BEGIN Recorded data
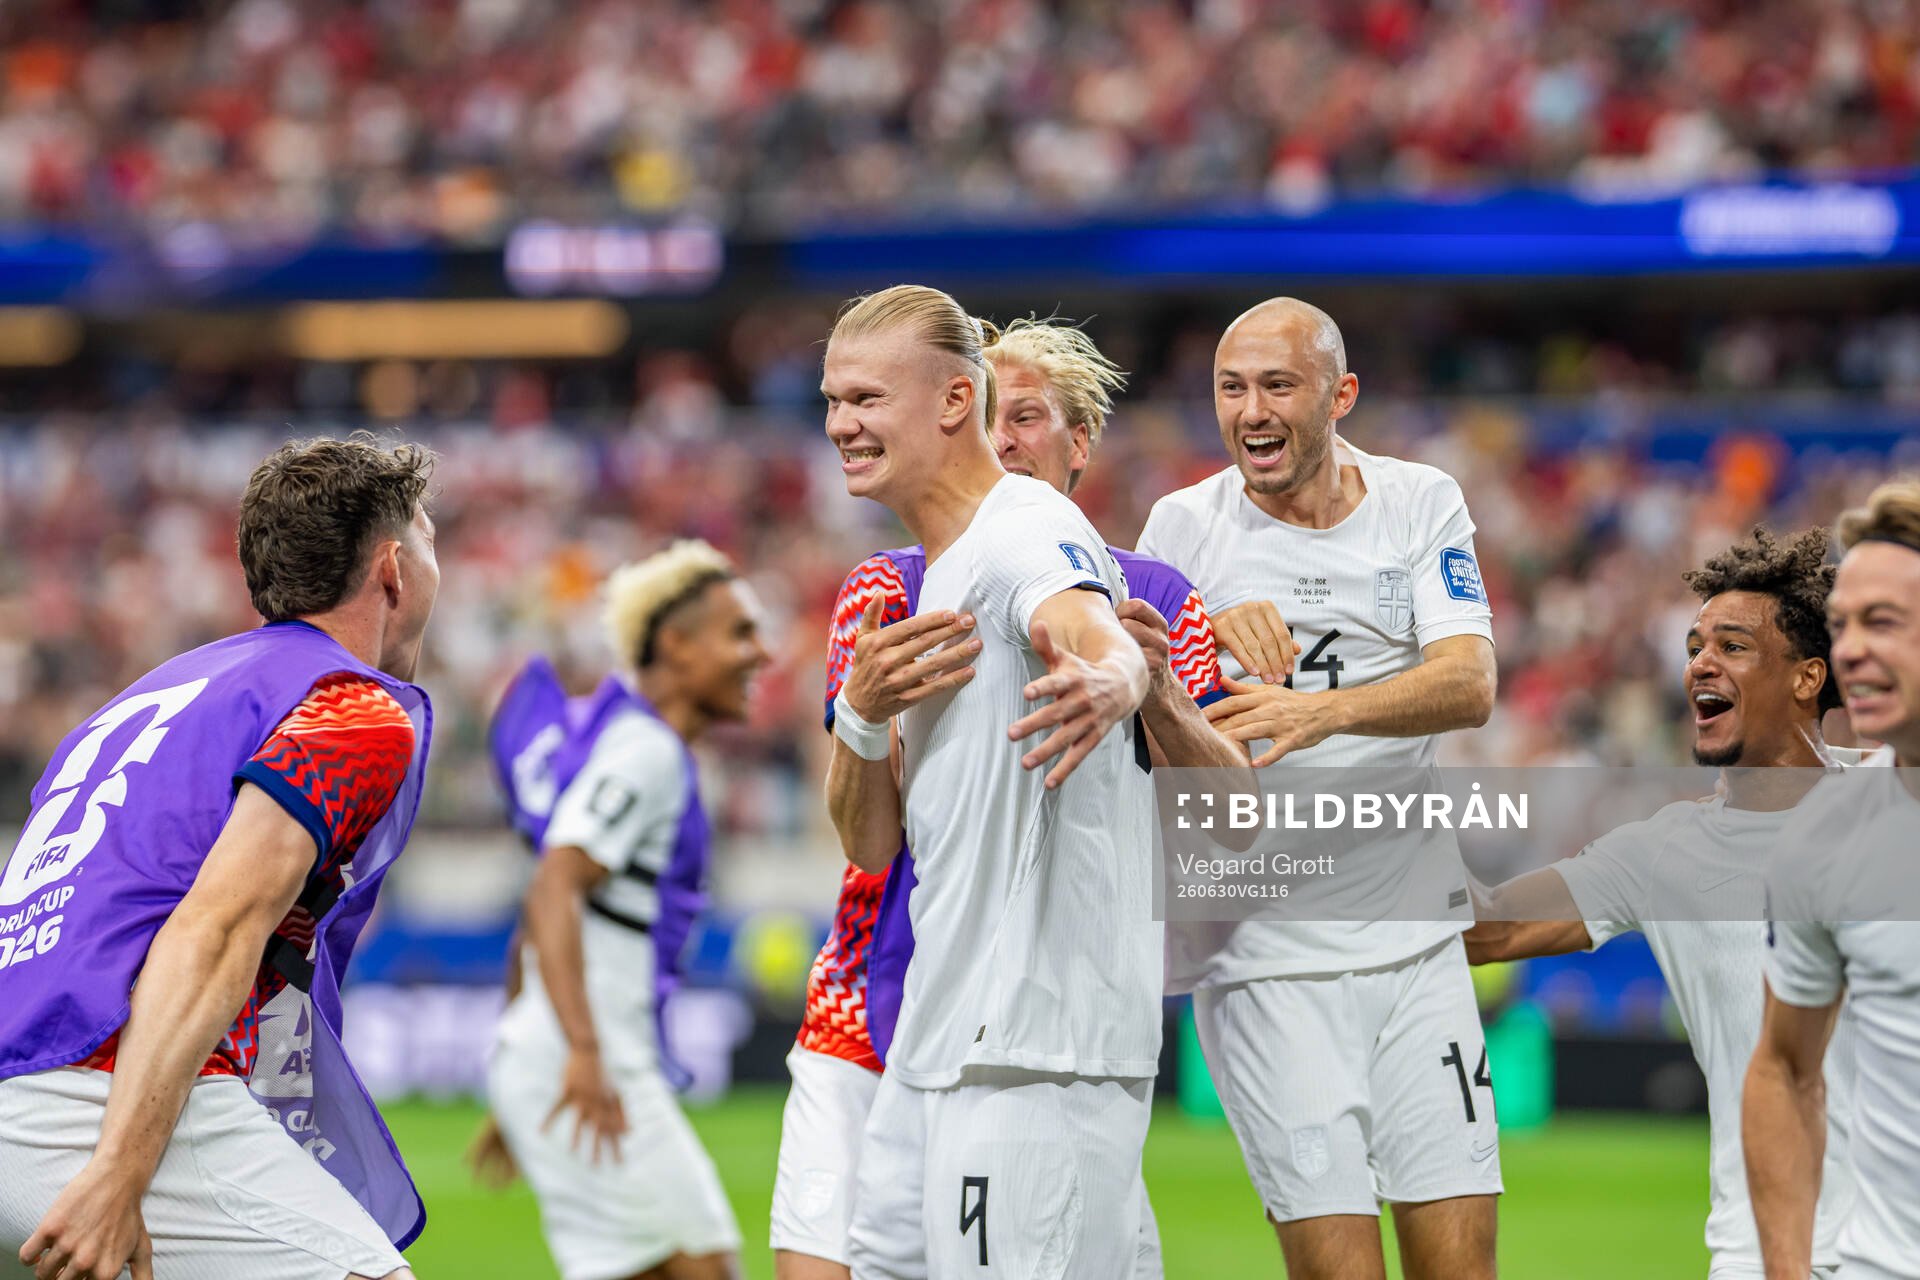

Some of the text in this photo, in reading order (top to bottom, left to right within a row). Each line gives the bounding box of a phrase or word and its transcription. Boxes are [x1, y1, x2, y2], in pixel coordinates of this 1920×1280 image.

[24, 843, 71, 880] FIFA
[0, 885, 75, 935] RLD CUP
[0, 914, 64, 970] 026
[960, 1176, 989, 1266] 9
END Recorded data
[Directions for this task] Everything in the material above is to be reproduced exactly, pictures aside.

[Task output]
Some of the text in this photo, in reading order (top to bottom, left to right within a row). Each line gives the bounding box of a phrase or word and its transcription. Boxes are [x1, y1, x2, y2], in pixel coordinates of this 1920×1280 image.

[24, 843, 71, 880] FIFA
[0, 885, 75, 935] RLD CUP
[0, 914, 64, 970] 026
[960, 1176, 989, 1266] 9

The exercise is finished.